The Consumers Objectives, Needs and Buying Process

This step relates to marketing research with final consumers and intermediaries to gain insights about the perfect distribution systems from the consumers point of view. The high cost of marketing research means that the kind of research that should be done depends on each company and their

objectives; but it is very important to build customer-driven distribution systems (Stern et al., 1996). According to Gattorna & Walters (1996), several methods are available to measure consumer satisfaction. First, in a design stage, it is important to establish the service and product expectations held by consumers. For this stage, a qualitative phase to generate a list of relevant service and product attributes based upon customer experience is interesting. This list will be used for the design of a questionnaire to be used in the quantitative phase. All the functions and lists used in step 3.2 can be used here to facilitate the understanding of consumer needs. Marketing research books (Malhotra, 1996; Hair et al., 1995; Aaker & Day, 1982) provide sufficient information and techniques. The buying process of clients and consumers must be considered and analyzed.

Channels Management
The last step of the process is the management of the relationships. The literature on channel management is vast and it suggest several techniques and management skills. Only some aspects relating to building successful partnerships and trust, something of fundamental importance, will be highlighted here.

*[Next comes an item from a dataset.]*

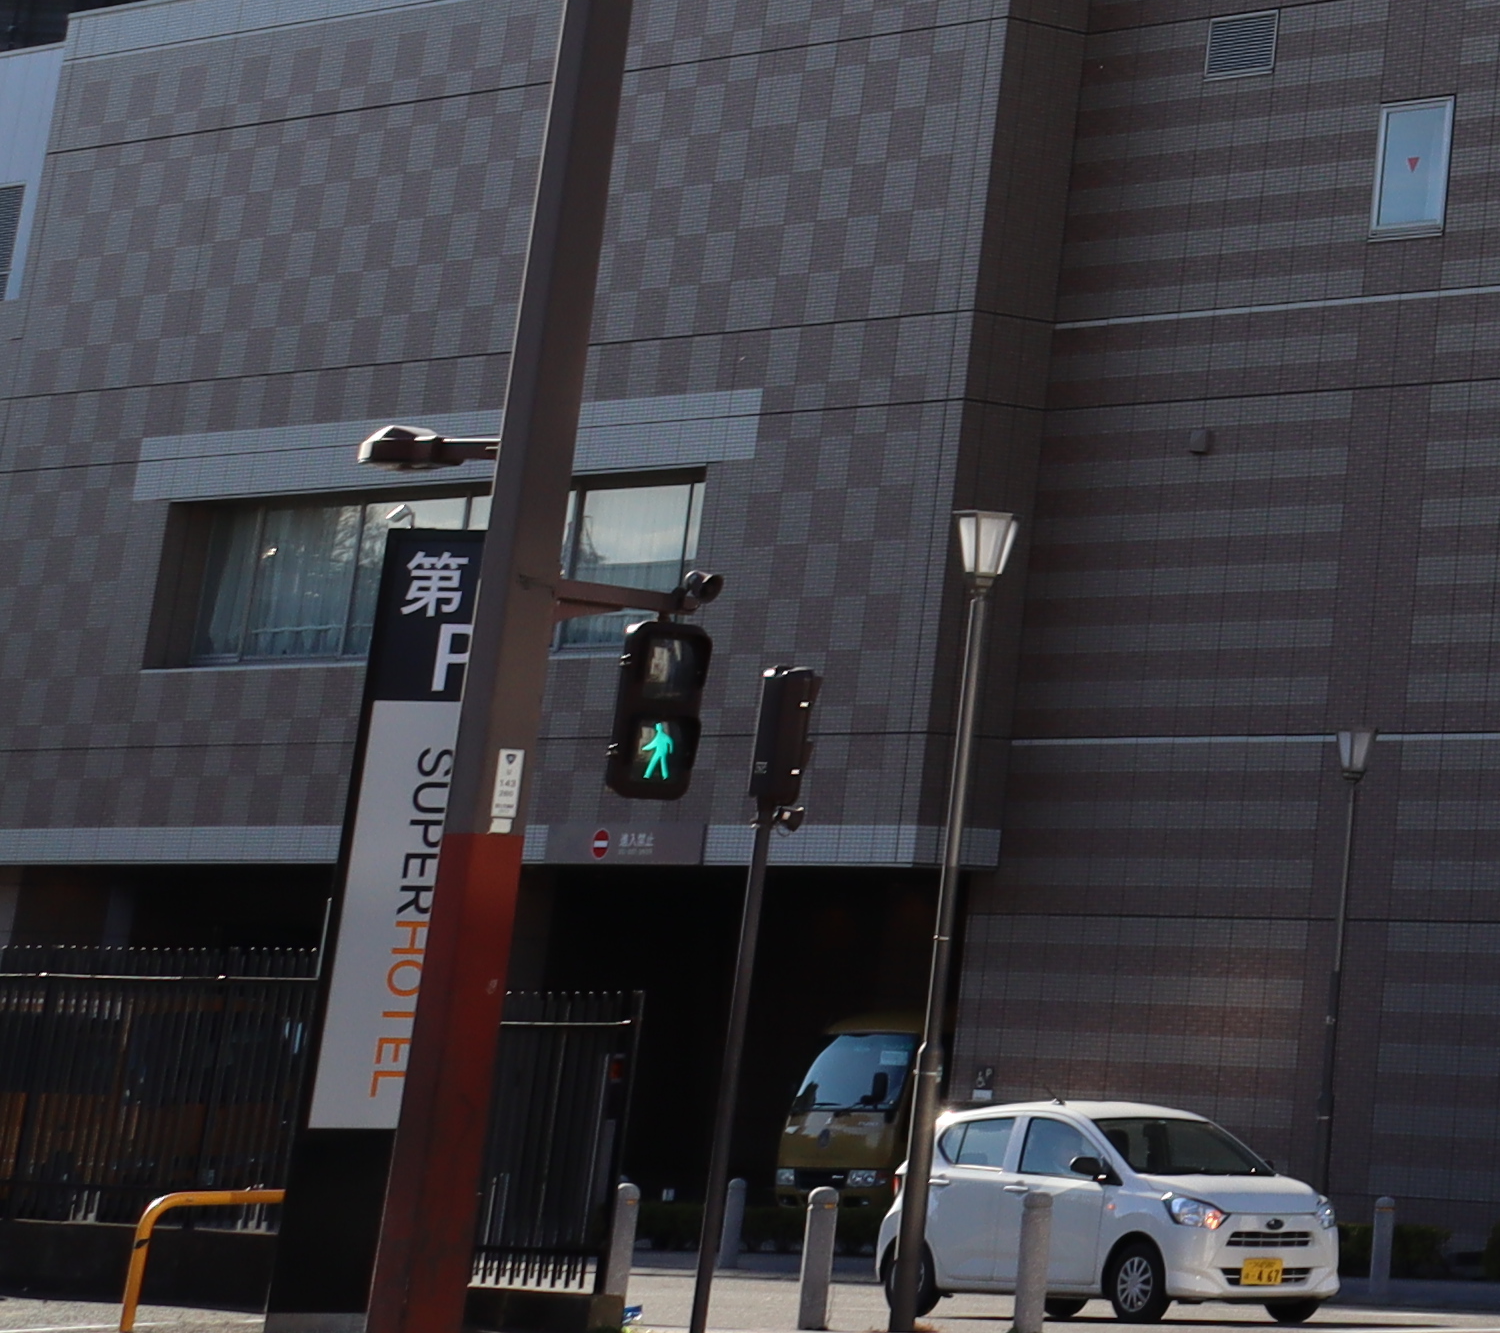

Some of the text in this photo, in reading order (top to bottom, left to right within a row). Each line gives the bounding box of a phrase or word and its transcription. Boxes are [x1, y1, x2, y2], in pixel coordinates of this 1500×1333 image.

[400, 551, 469, 617] 第
[431, 623, 473, 691] P
[396, 747, 454, 915] SUPER

The suggestion is to use references and tools of the relationship marketing, commitment and trust theory to help channels management (Morgan & Hunt, 1994). The physical process and logistics should also be strongly considered. Motivation of the members is an important task that the company should address, and Rosenbloom (1999) provides a list of common motivation techniques that could be used by the company. There is extensive literature on trust and trust development in transactions, and these works are useful at this step. A good starting point is the research done by Doney & Cannon (1997), which stresses several contributions of the literature. Kozak and Cohen (1997) bring a list of statements for companies to use to achieve the level of trust and commitment with suppliers, which can be adapted in this case to distributors.

Final Comments
Finally, this Distribution Channels Planning Process should be done frequently, to effectively address competitive advantages. The first time it is completed, the process will be time and money consuming, mainly for the companies that are starting from zero. However, once the process is done, the following analyses will be easier, because data are more organized and easily available, the knowledge of the planning process is known by the company and further decisions will consider what is new in the environment. At this moment, we can say that the model is applicable, but not that it produces positive results in terms of measures taken by companies, because it has not been tested yet. The process is currently being used for a food company, and the results (to see if the sequence [model] is useful) will be presented later. Of course not all companies will complete all the steps presented here; some of the channels will not be available (retailers, for instance), and for a company with several products, the analysis is more difficult, but extremely important due to the fact that distribution channels provide competitive advantage.